May 12, 2011 / erstellt am:  May 13, 2011
gesehen, aufgefallen, gefallen, Grafik, Buch, visuelle Kommunikation

Ein Mann, ein Wort. Eine Frau, ein Wörterbuch.

Sie spricht genau so viel und gerne, wie sie schreibt und sammelt. Die Gestalterin Juli Gudehus aus Berlin stellte gestern an der HKB in Bern wortgewandt ihr «Lesikon der visuellen Kommunikation» vor. Ein unglaubliches Mammutwerk, ein «Schinken» oder «Oschi», wie sie es nannte. Auf 3000 hauchdünnen Seiten (32 gm2) erzählt sie eine «unendliche Designgeschichte».

Es ist eine Mischung aus Lexikon und Lesebuch. Nicht wie in einem herkömmlichen Lexikon alphabetisch geordnet, sondern assoziativ gruppiert und in 508 Kapitel unterteilt sind die Einträge zu 9704 Fachbegriffen rund um visuelle Kommunikation zu einer ungewöhnlichen Collage zusammengestellt. Alles was auch nur im Entferntesten mit visueller Kommunikation zu tun hat, wurde von ihr darin in stundenlanger Fleissarbeit verarbeitet. Nur etwa 10% der Texte hat sie selber geschrieben. Der Rest ist gesammelt, zitiert oder wurde für sie von anderen Autoren geschrieben.

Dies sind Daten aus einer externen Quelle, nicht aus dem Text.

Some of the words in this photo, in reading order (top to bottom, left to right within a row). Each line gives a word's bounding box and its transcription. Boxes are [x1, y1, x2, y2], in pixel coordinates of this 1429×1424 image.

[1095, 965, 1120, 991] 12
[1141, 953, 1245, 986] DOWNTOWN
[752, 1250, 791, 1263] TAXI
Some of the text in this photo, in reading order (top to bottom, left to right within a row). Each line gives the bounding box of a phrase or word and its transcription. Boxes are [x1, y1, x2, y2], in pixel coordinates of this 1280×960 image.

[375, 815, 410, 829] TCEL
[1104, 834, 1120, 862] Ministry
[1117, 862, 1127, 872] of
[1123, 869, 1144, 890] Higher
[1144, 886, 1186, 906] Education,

Obwohl es um visuelle Kommunikation geht, sucht man vergeblich nach Abbildungen. Die Bilder und Ansichten sollen in den Köpfen der Leser und Leserinnen entstehen. Es gibt nur Texte. Unzählige Definitionen, Anekdoten, Ammenmärchen, Ansichten und Einsichten sind zu finden. Dabei gibt es oft mehrere Einträge zu einem Stichwort, die sich ergänzen aber auch widersprechen können. Es ist ein literarisches Labyrinth, das viele Fragen beantwortet aber auch viele neue aufwirft. Auch Humorvolles und unnützes Wissen findet seinen Platz, was aus einem schnöden Nachschlagewerk eben ein vergnügliches Lesikon entstehen lässt.

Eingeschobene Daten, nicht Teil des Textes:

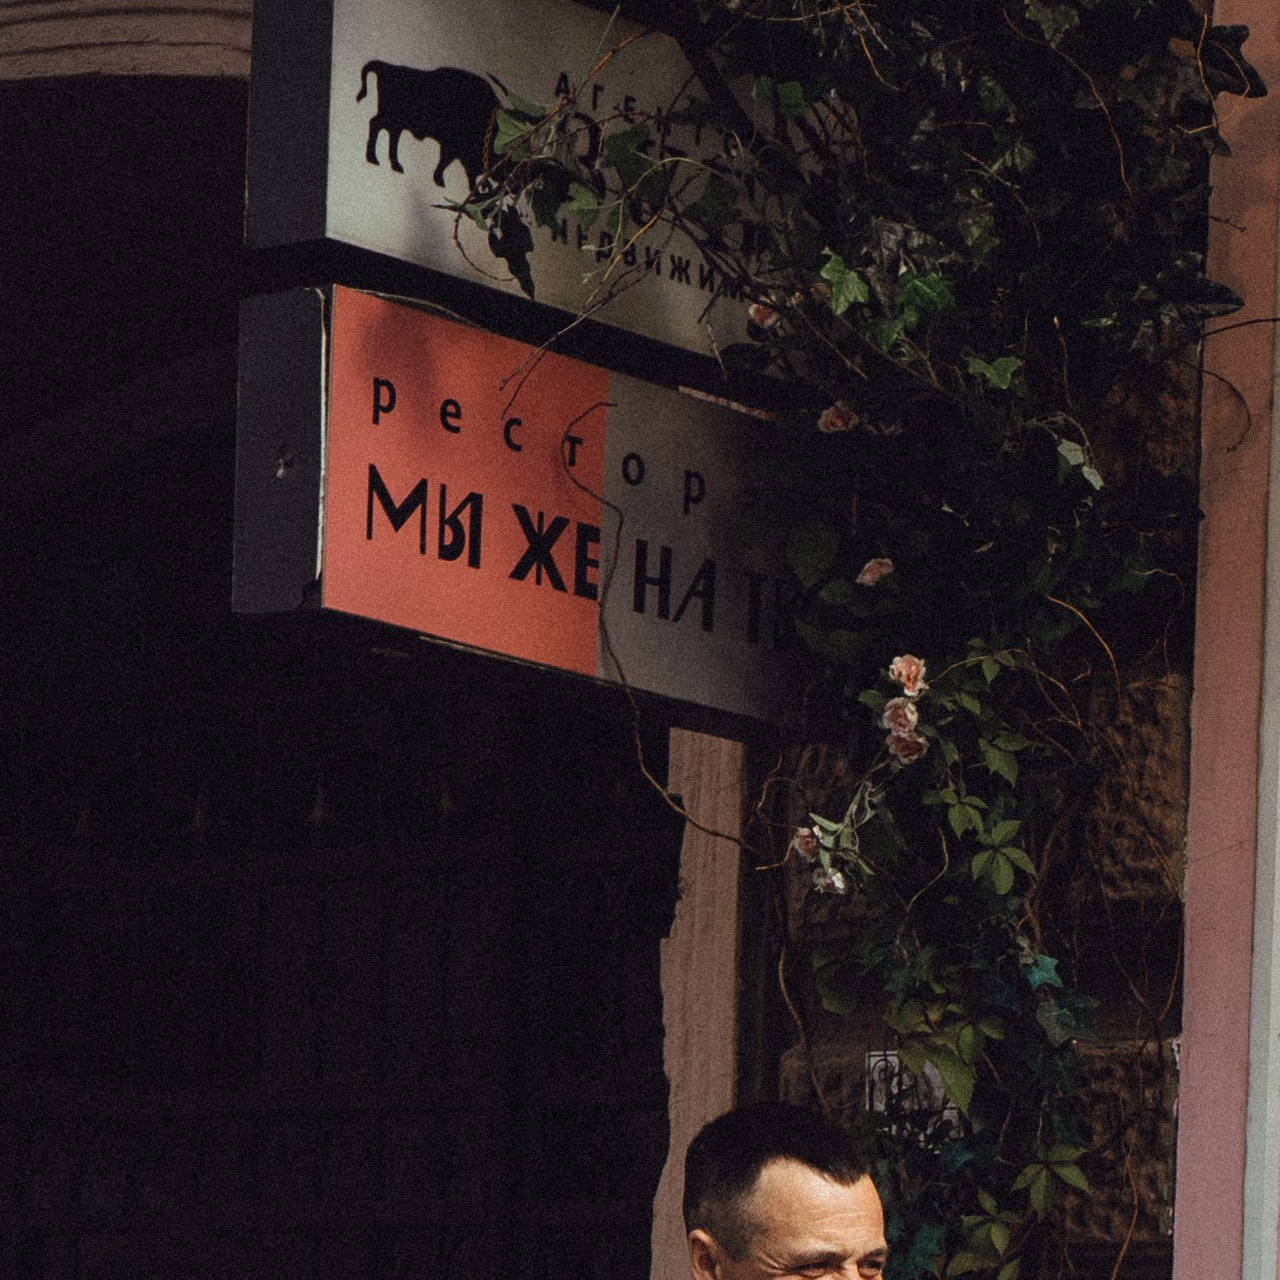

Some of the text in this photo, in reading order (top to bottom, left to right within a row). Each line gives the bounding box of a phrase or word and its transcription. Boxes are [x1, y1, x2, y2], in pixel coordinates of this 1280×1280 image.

[371, 376, 707, 515] рестор
[366, 463, 483, 570] МЫ
[510, 504, 601, 600] ЖЕ
[633, 539, 717, 632] НА
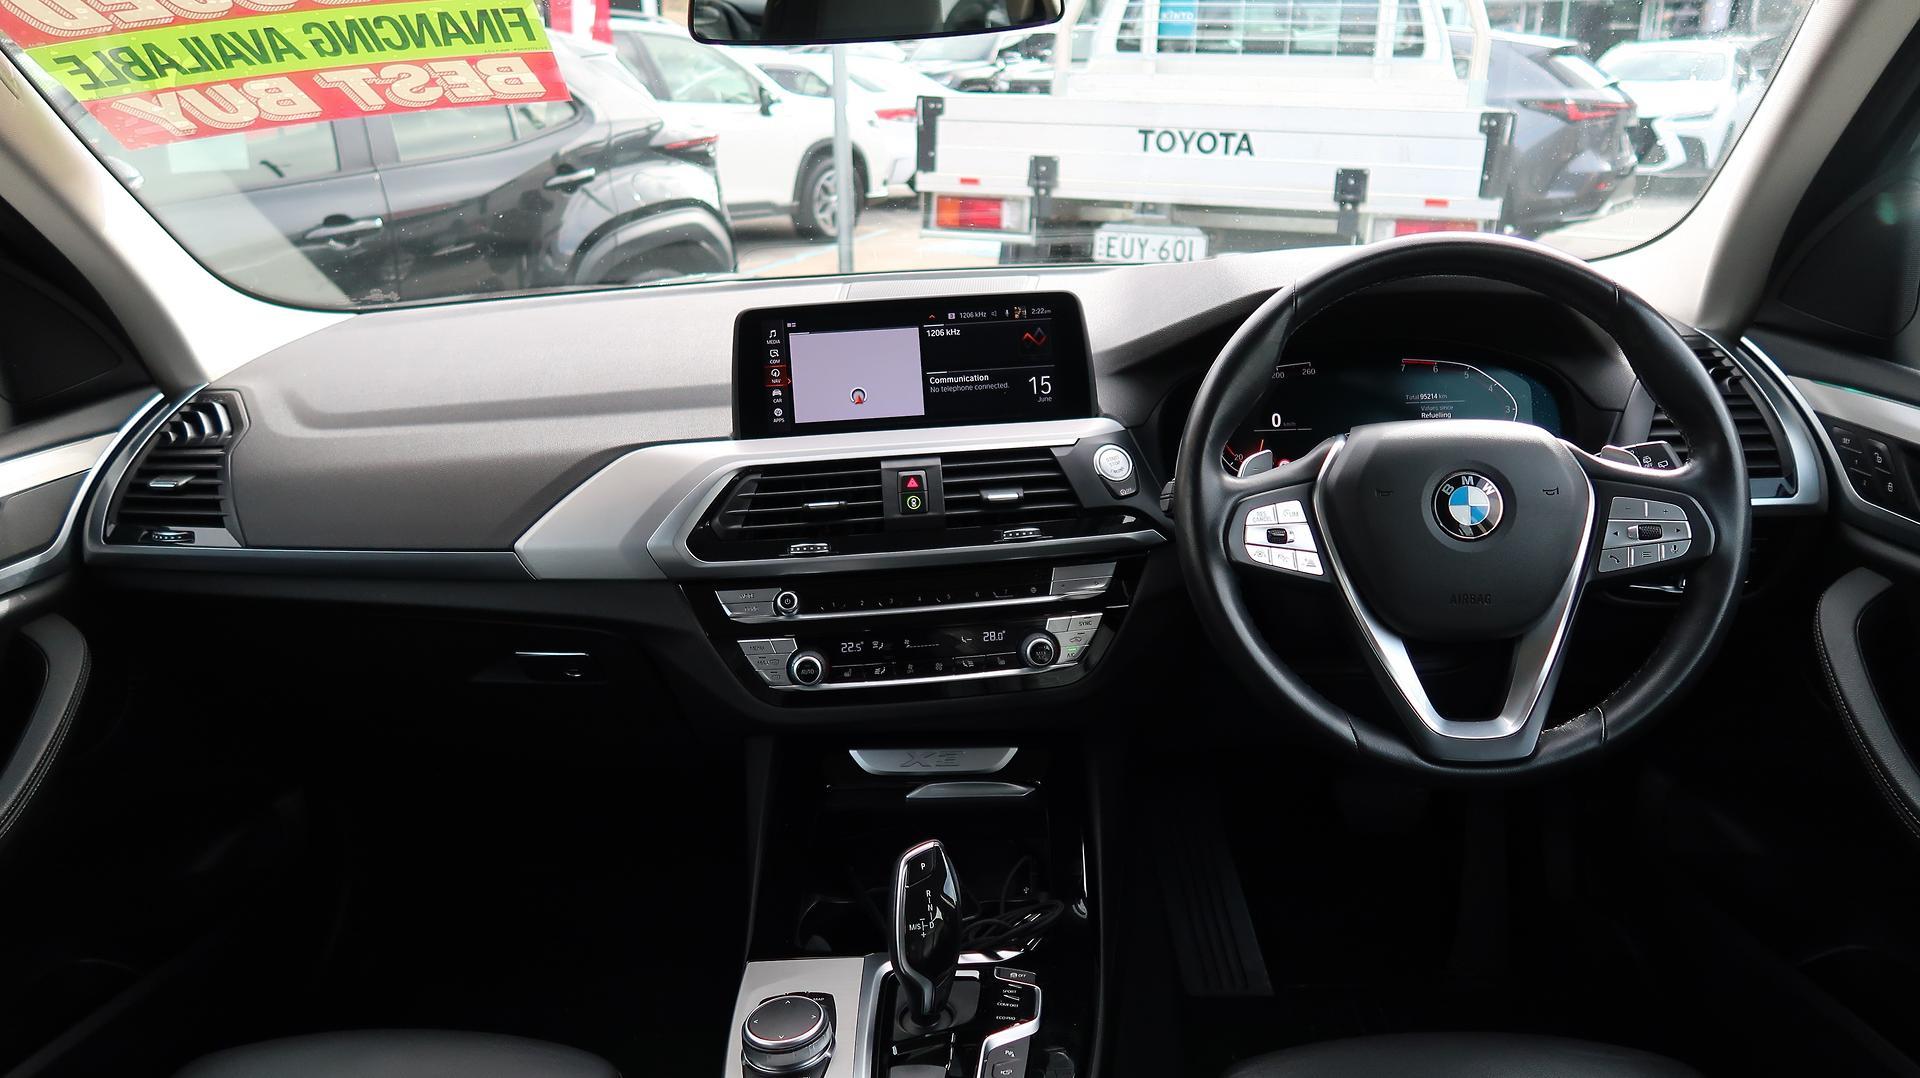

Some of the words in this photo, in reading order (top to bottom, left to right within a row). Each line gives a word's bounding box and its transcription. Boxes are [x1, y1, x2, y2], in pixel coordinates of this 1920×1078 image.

[1138, 128, 1254, 156] TOYOTA
[926, 329, 945, 337] 1206
[945, 328, 961, 336] kHz
[1302, 368, 1316, 376] 260
[1400, 364, 1406, 372] 7
[1432, 365, 1439, 373] 6
[929, 374, 990, 385] Communication
[1464, 371, 1470, 379] 5
[940, 384, 974, 393] telephone
[974, 382, 1010, 391] connected.
[1028, 375, 1052, 395] 15
[1271, 413, 1281, 428] 0
[1441, 475, 1495, 496] BMW
[1449, 592, 1492, 605] AIRBAG
[900, 751, 961, 768] X3

Genauso assoziativ wie es aufgebaut ist, sei es auch entstanden. Nichts war geplant, sondern ausgehend von einer Grundidee, wuchs das Projekt beinahe organisch. Es wuchs und wuchs und dauerte 9 Jahre, bis Juli Gudehus das intuitive Gefühl hatte, nun sei es fertig und kann veröffentlicht werden. Aber wer druckt und verlegt so ein irrwitziges Buchprojekt? Trotz urheberrechtlicher Grauzonen war der Hermann Schmidt Verlag aus Mainz bereit, das finanzielle Risiko auf sich zu nehmen und das Lesikon zu veröffentlichen.

Was macht man nun damit? Lesen natürlich. Immer wieder. Nachschlagen oder einfach darin schmökern, sich treiben und inspirieren lassen, sich darin verlieren. Auf der Suche nach neuen Erkenntnissen, was auch die Motivation für Juli Gudehus war, dieses Projekt anzugehen. Im besten Falle hilft es unseren Horizont zu erweitern. Ansonsten erfreut man sich über die Glücksmomente beim Finden von etwas, was man gar nicht gesucht hatte.

Dann wäre da noch das kleine aber feine Detail der Lesezeichen. Jedes Exemplar ist mit einer Auswahl verschiedener und immer anderer Lesezeichen ausgestattet. Es sind Fundstücke von Juli Gudehus, Eintrittskarten, Zeitungsausrisse, Flyer, Postkarten etcetera. Bei der sonstigen Bilderlosigkeit des Buches zeigen sie einen Hauch einer Ahnung der unendlichen Fülle des Schaffens im Bereich der visuellen Kommunikation.

Viele meist positive Reaktionen habe sie erhalten. So erhielt sie auch vom bekannten Schweizer Grafiker Niklaus Troxler eine E-Mail. Warum er denn in ihrem Lesikon nicht vertreten sei, wollte er wissen. Aber der Namen Troxler weckte bei ihr keine passende Assoziation, was sie dazu bewog, ihn ohne böse Absichten nicht zu erwähnen.

Auf meiner Website geht es auch im weitesten Sinne um visuelle Kommunikation. Aber im Vergleich erscheint meine Website mit den bisweilen knapp 500 Einträgen geradezu bescheiden.